> **Goal of the exercise**
Without the images, output every record exactly as it appears.

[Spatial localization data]
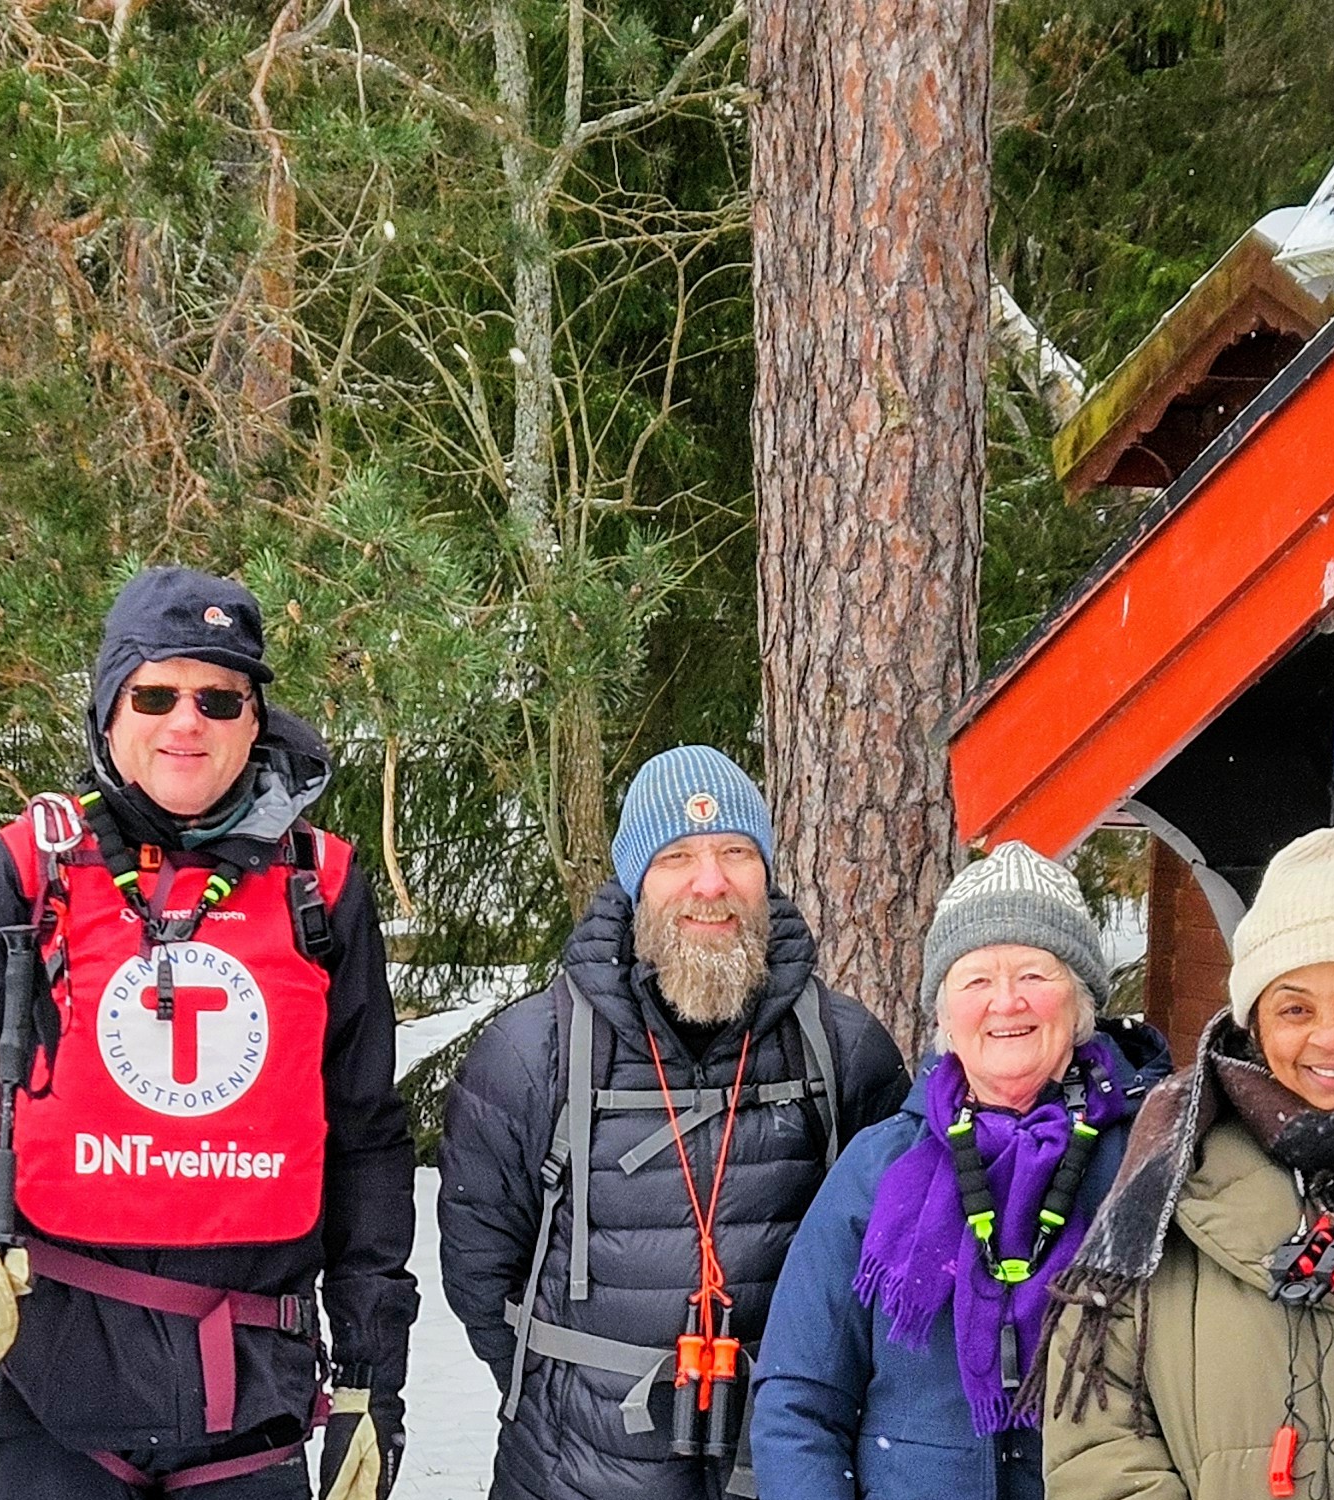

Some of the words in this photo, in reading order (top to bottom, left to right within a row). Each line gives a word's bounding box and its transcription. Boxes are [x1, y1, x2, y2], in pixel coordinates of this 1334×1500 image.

[694, 800, 708, 816] T
[113, 960, 155, 1001] DEN
[140, 985, 229, 1085] T
[106, 1029, 263, 1108] TURISTFORENING
[75, 1132, 286, 1179] DNT-veiviser
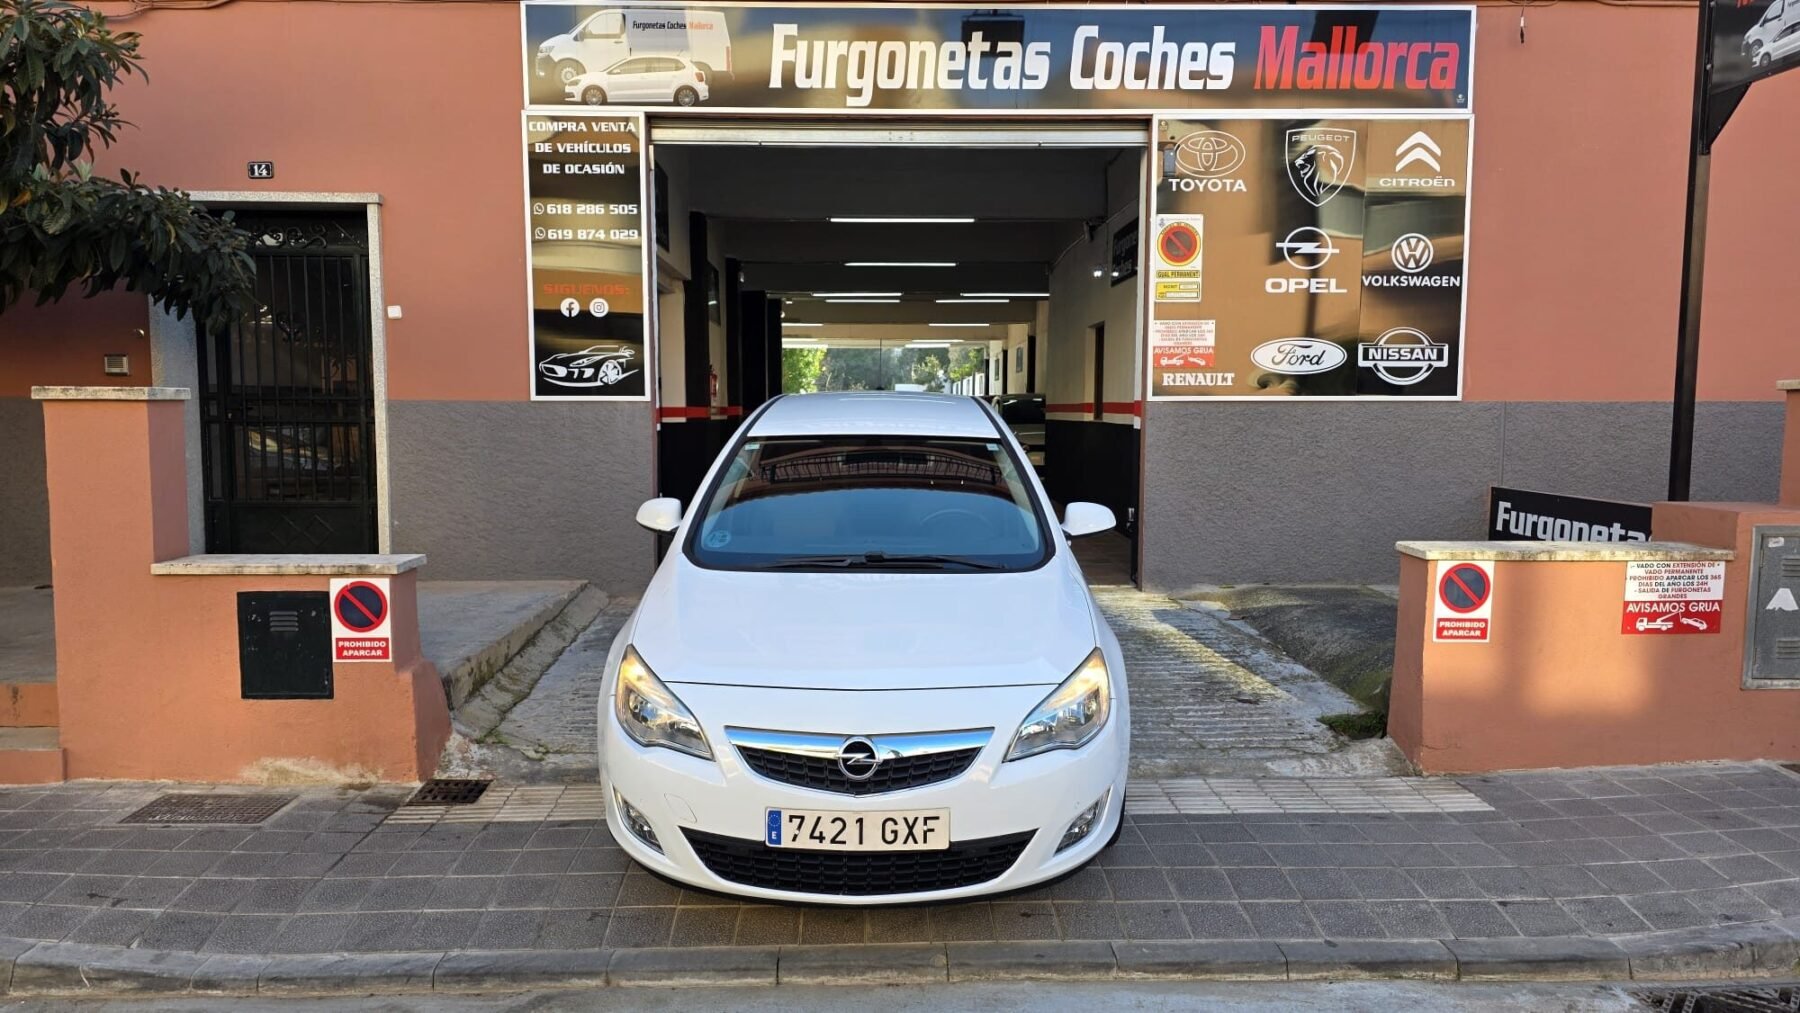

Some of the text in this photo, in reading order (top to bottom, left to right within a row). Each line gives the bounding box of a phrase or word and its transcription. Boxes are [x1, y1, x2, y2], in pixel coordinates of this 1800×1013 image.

[632, 21, 666, 31] Furgonetas
[667, 21, 686, 30] Coches
[769, 23, 1460, 107] Furgonetas Coches Mallorca
[528, 121, 636, 132] COMPRA VENTA
[1291, 133, 1350, 143] PEUGEOT
[535, 140, 631, 153] DE VEHÍCULOS
[253, 164, 268, 176] 14
[543, 161, 625, 174] DE OCASIÓN
[1168, 178, 1247, 193] TOYOTA
[546, 203, 638, 215] 618 286 505
[547, 229, 639, 240] 619 874 029
[1265, 278, 1348, 294] OPEL
[1362, 275, 1460, 287] VOLKSWAGEN
[1271, 343, 1326, 366] Ford
[1368, 349, 1437, 360] NISSAN
[1162, 373, 1235, 386] RENAULT
[1496, 501, 1653, 542] Furgoneta
[1626, 602, 1721, 613] AVISAMOS GRUA
[771, 831, 777, 839] E
[788, 814, 940, 845] 7421 GXF
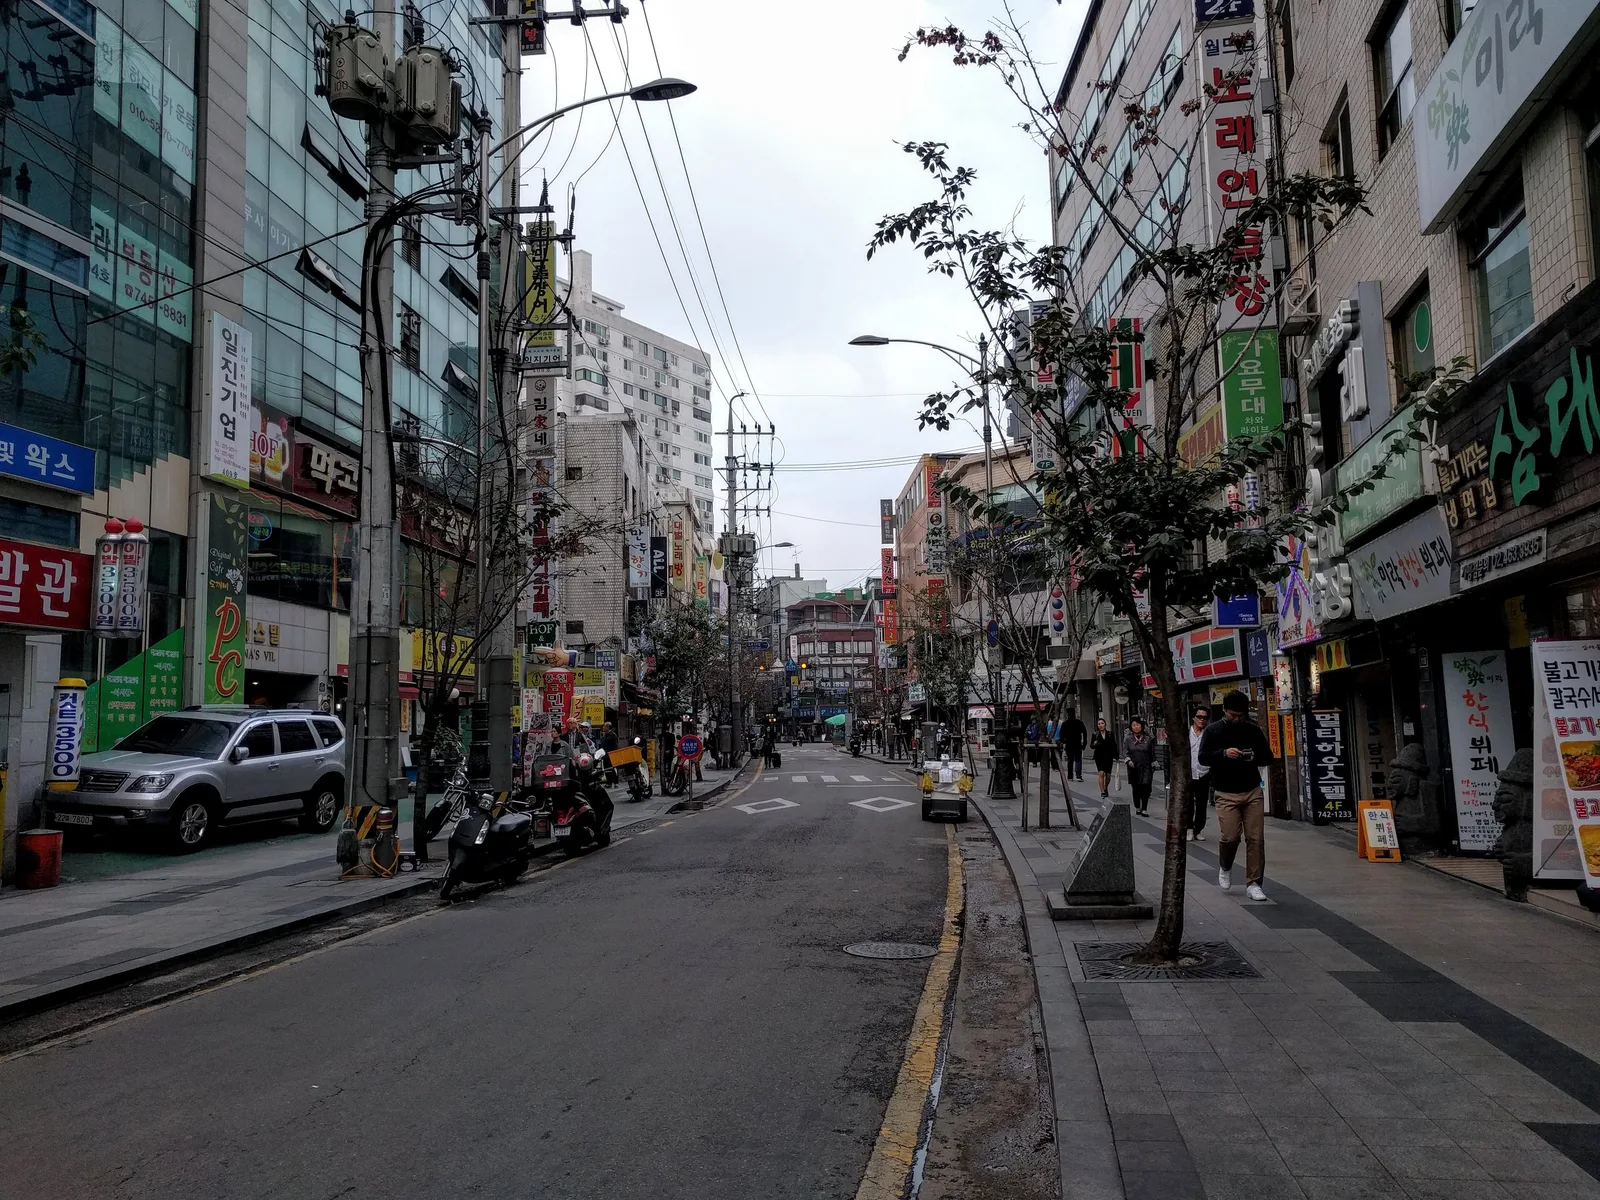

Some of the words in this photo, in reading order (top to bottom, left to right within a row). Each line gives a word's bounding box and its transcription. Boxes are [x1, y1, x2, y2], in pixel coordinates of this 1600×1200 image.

[122, 239, 176, 301] 부동산
[220, 327, 238, 442] 일진기업
[1236, 339, 1267, 415] 가요무대
[533, 397, 548, 446] 김家네
[24, 443, 76, 481] 왁스
[1438, 440, 1490, 493] 불고기주는
[102, 543, 119, 566] 이발
[209, 560, 226, 578] Cafe
[1419, 535, 1451, 577] 뷔페
[208, 597, 242, 697] PC
[529, 623, 555, 635] HOF
[1462, 689, 1490, 734] 한식
[1555, 716, 1595, 738] 불고기
[52, 726, 76, 777] 3500
[1313, 712, 1347, 801] 멀티하우스텔
[1468, 735, 1499, 774] 뷔페
[72, 815, 89, 824] 7800
[1317, 810, 1353, 819] 742-1233
[1324, 801, 1343, 811] 4F
[1367, 811, 1389, 820] 한식
[1375, 822, 1388, 846] 뷔페
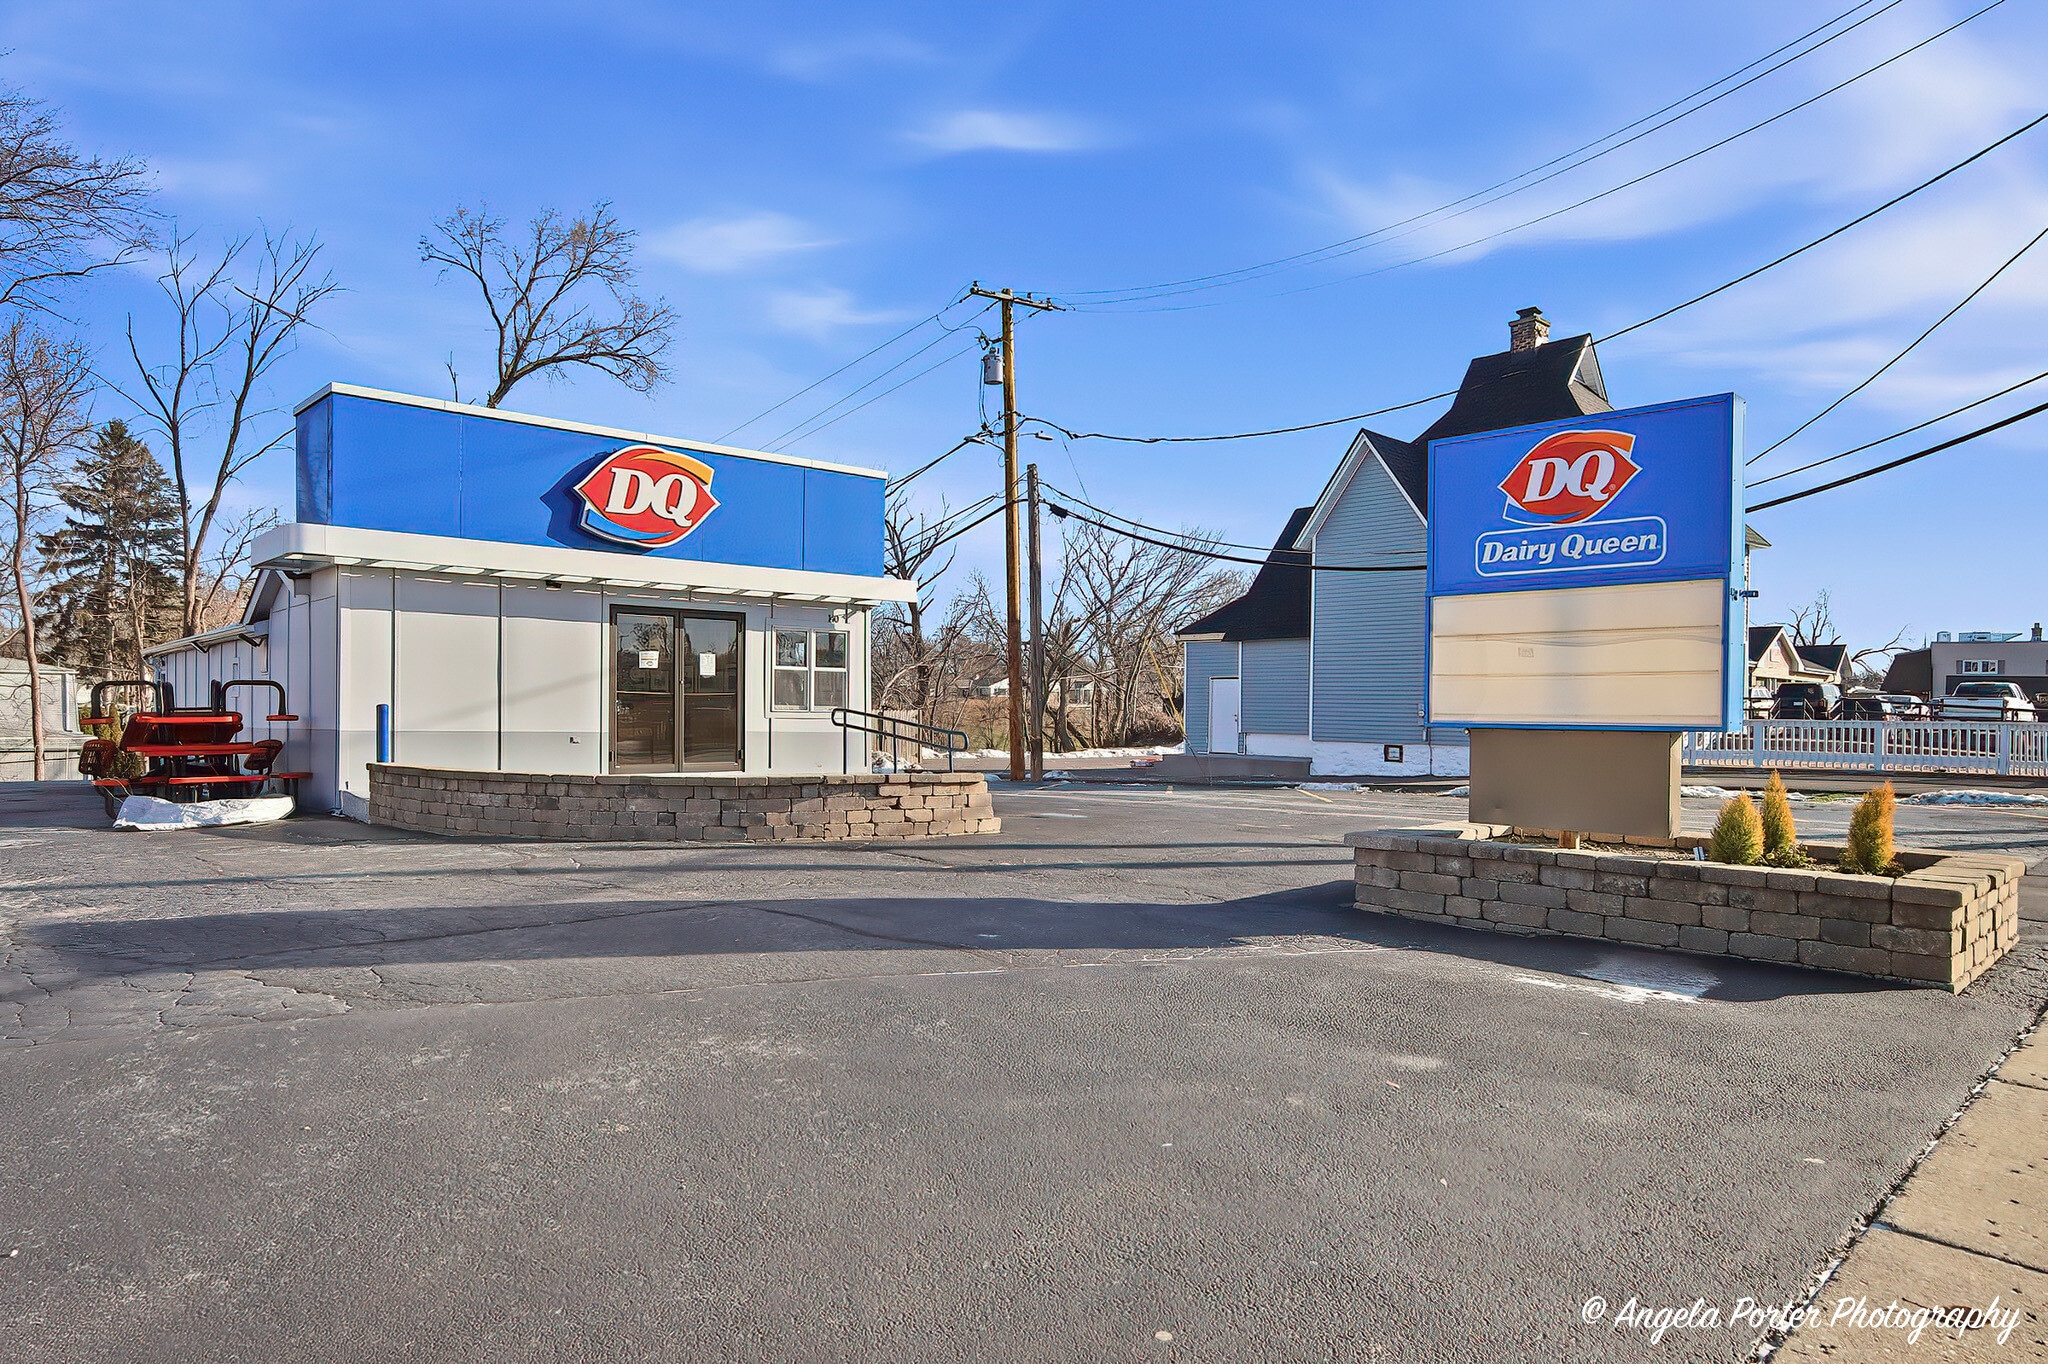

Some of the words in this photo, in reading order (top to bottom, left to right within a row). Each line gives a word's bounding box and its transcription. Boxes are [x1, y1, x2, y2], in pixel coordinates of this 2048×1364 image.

[604, 466, 698, 527] DQ
[1522, 450, 1615, 502] DQ
[1481, 539, 1557, 565] Dairy
[1560, 531, 1657, 560] Queen

> **Task solution**
Some of the words in this photo, in reading order (top to bottom, left to right within a row). Each line gives a word's bounding box and its transcription. Boxes are [x1, y1, x2, y2], in pixel coordinates of this 1334×1500 image.

[694, 800, 708, 816] T
[113, 960, 155, 1001] DEN
[140, 985, 229, 1085] T
[106, 1029, 263, 1108] TURISTFORENING
[75, 1132, 286, 1179] DNT-veiviser

Some of the text in this photo, in reading order (top to bottom, left to right within a row). Each line gives the bounding box of a phrase or word and its transcription. Boxes are [x1, y1, x2, y2], in pixel coordinates of this 1800×1013 image.

[632, 21, 666, 31] Furgonetas
[667, 21, 686, 30] Coches
[769, 23, 1460, 107] Furgonetas Coches Mallorca
[528, 121, 636, 132] COMPRA VENTA
[1291, 133, 1350, 143] PEUGEOT
[535, 140, 631, 153] DE VEHÍCULOS
[253, 164, 268, 176] 14
[543, 161, 625, 174] DE OCASIÓN
[1168, 178, 1247, 193] TOYOTA
[546, 203, 638, 215] 618 286 505
[547, 229, 639, 240] 619 874 029
[1265, 278, 1348, 294] OPEL
[1362, 275, 1460, 287] VOLKSWAGEN
[1271, 343, 1326, 366] Ford
[1368, 349, 1437, 360] NISSAN
[1162, 373, 1235, 386] RENAULT
[1496, 501, 1653, 542] Furgoneta
[1626, 602, 1721, 613] AVISAMOS GRUA
[771, 831, 777, 839] E
[788, 814, 940, 845] 7421 GXF

Some of the words in this photo, in reading order (top to bottom, left to right within a row). Each line gives a word's bounding box and its transcription. Boxes are [x1, y1, x2, y2], in pixel coordinates of this 1600×1200 image.

[122, 239, 176, 301] 부동산
[220, 327, 238, 442] 일진기업
[1236, 339, 1267, 415] 가요무대
[533, 397, 548, 446] 김家네
[24, 443, 76, 481] 왁스
[1438, 440, 1490, 493] 불고기주는
[102, 543, 119, 566] 이발
[209, 560, 226, 578] Cafe
[1419, 535, 1451, 577] 뷔페
[208, 597, 242, 697] PC
[529, 623, 555, 635] HOF
[1462, 689, 1490, 734] 한식
[1555, 716, 1595, 738] 불고기
[52, 726, 76, 777] 3500
[1313, 712, 1347, 801] 멀티하우스텔
[1468, 735, 1499, 774] 뷔페
[72, 815, 89, 824] 7800
[1317, 810, 1353, 819] 742-1233
[1324, 801, 1343, 811] 4F
[1367, 811, 1389, 820] 한식
[1375, 822, 1388, 846] 뷔페

Some of the words in this photo, in reading order (top to bottom, left to right within a row). Each line gives a word's bounding box and its transcription. Boxes are [x1, y1, x2, y2], in pixel coordinates of this 2048×1364 image.

[604, 466, 698, 527] DQ
[1522, 450, 1615, 502] DQ
[1481, 539, 1557, 565] Dairy
[1560, 531, 1657, 560] Queen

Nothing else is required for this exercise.